Im gesamten Bereich der Orthopädie können wir zusätzlich zu den konservativen folgende operative Leistungen erbringen: - künstlicher Gelenkersatz der Hüfte (Oberflächenersatz, zementfreie Hüft Totalendoprothese, zementierte Hüft Totalendoprothese, Revisionsendoprothese )
- gelenkerhaltende Frakturversorgung /Nagelung , Korrekturoperationen
- künstlicher Gelenkersatz des Kniegelenkes (Hemischlittenprothese, Oberflächenersatzprothese, Rotationsknieendoprothese)
- künstlicher Gelenkersatz des Sprunggelenkes
- Rheumachirurgie
- Fuß- und Handchirurgie
- Wirbelsäulenchirurgie (Bandscheibenoperationen, Bandscheibenprothese, Sponylodese)

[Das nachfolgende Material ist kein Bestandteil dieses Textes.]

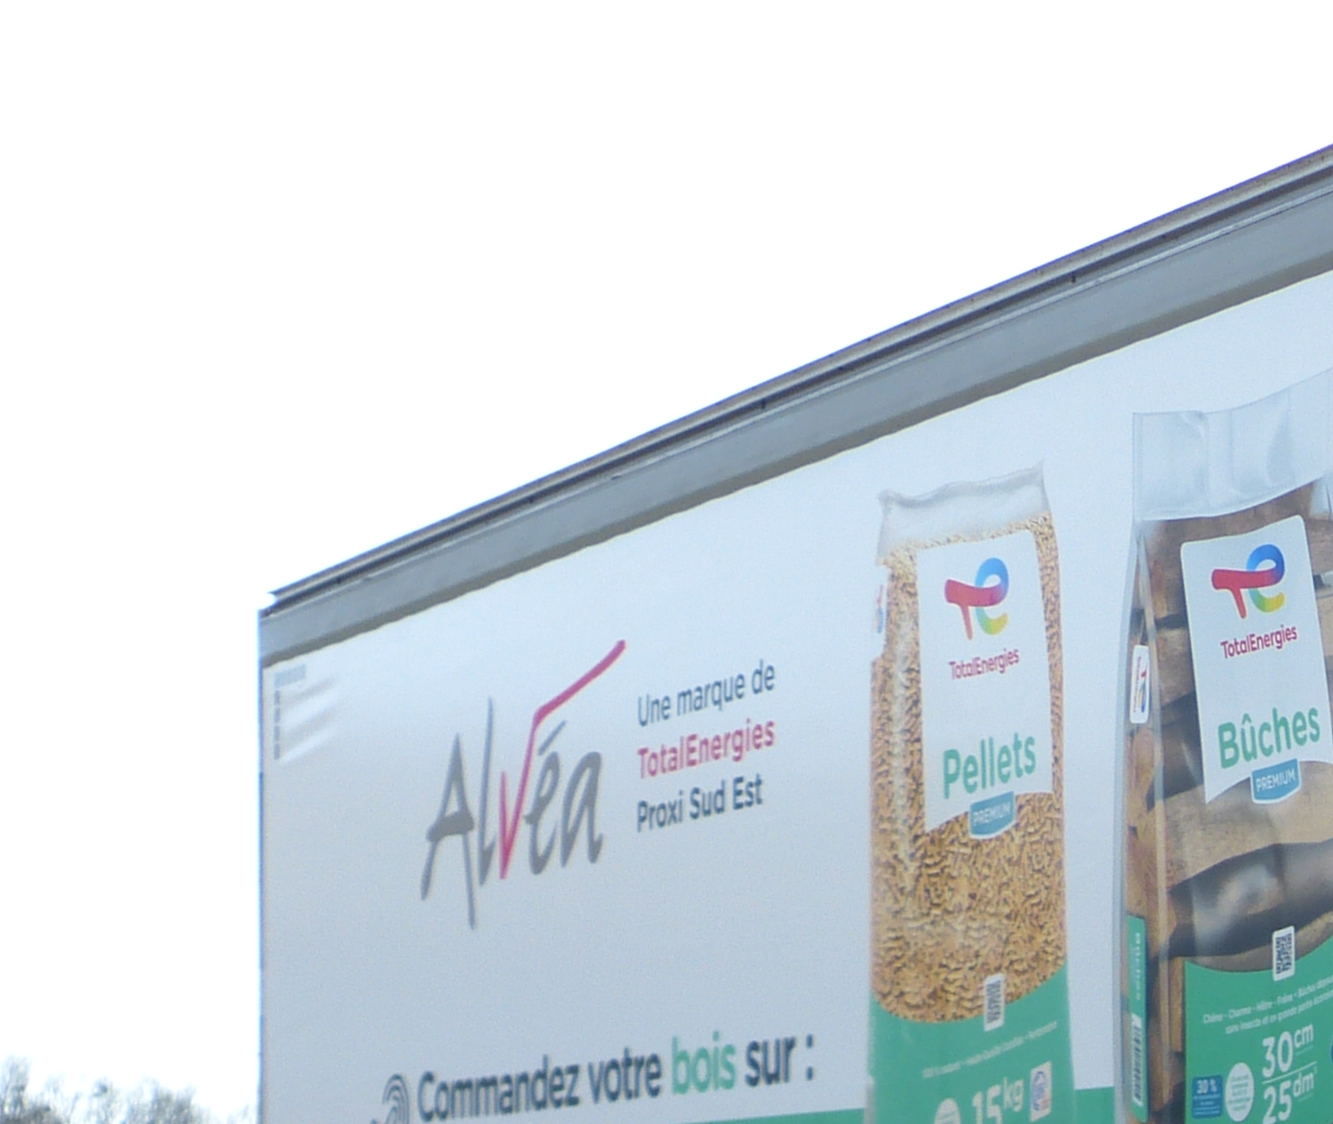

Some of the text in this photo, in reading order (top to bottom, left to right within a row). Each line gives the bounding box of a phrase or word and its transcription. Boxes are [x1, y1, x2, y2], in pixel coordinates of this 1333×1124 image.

Oberflächenersatz am Hüftgelenk Der Standort MEOCLINIC bietet ein Spektrum von Hüftprothesen an, das angepasst an Art und Ausmaß der Erkrankung des Hüftgelenkes und an die Bedürfnisse des Patienten einen möglichst knochensparenden, verschleißarmen und luxationssicheren Gelenkersatz verwendet. - Bei günstigen Verhältnissen und gutem Allgemeinzustand des Patienten kommt der Oberflächenersatz-Birmingham Hip Resurfacing- (BHR) nach McMinn zur Anwendung. Das Risiko einer Schenkelhalsfraktur beträgt bei richtiger Indikation und Operationstechnik um 1%.
- Bei Defekten im Hüftkopf, starken angeborenen Veränderungen oder verminderter Knochenqualität mit erhöhtem Risiko einer Schenkelhalsfraktur stellt ein zementfreies Kopf-Hals-Implantat-Mid Head Resection-(BMHR) nach McMinn eine knochensparende Variante dar.

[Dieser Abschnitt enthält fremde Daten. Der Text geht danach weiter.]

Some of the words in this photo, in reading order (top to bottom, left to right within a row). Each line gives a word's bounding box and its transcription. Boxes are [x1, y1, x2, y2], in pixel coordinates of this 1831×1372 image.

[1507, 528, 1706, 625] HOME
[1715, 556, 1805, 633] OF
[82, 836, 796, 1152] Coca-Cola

- Im höheren Lebensalter und bei fortgeschrittenem Knochenabbau kann ein Standardschaft im Markraum des Oberschenkels mit großen Metall-Metall-Komponenten die gleiche Abriebfestigkeit und Luxationssicherheit bieten, da die Gelenkmechanik der Prothese unverändert bleibt.

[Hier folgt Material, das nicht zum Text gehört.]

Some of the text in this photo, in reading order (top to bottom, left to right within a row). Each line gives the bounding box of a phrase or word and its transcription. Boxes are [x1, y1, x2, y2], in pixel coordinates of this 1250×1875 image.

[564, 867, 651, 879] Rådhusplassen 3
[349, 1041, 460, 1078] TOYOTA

- Bei schweren Nierenerkrankungen sollen Metall-Metall-Prothesen nicht angewendet werden, da eine zusätzliche Schädigung der Nieren möglich ist. In solchen Fällen können Standardprothesen mit Keramik und Kunststoff (Polyäthylen) verwendet werden. Mit den Verfahren 1, und 3. haben wir eine Erfahrung von beinahe 7 Jahren. Mit dieser Erfahrung haben die Komplikationen, wie z.B. Schenkelhalsfrakturen, deutlich abgenommen. Die BMHR (Mid-Head-Resection) steht uns seit September 2006 zur Verfügung. Sie bietet dem Patienten ein ebenfalls sehr gutes funktionelles Ergebnis, so dass wie bei der BHR (Resurfacing) die gewünschten körperlichen Aktivitäten in Beruf und Freizeit wieder durchgeführt werden können.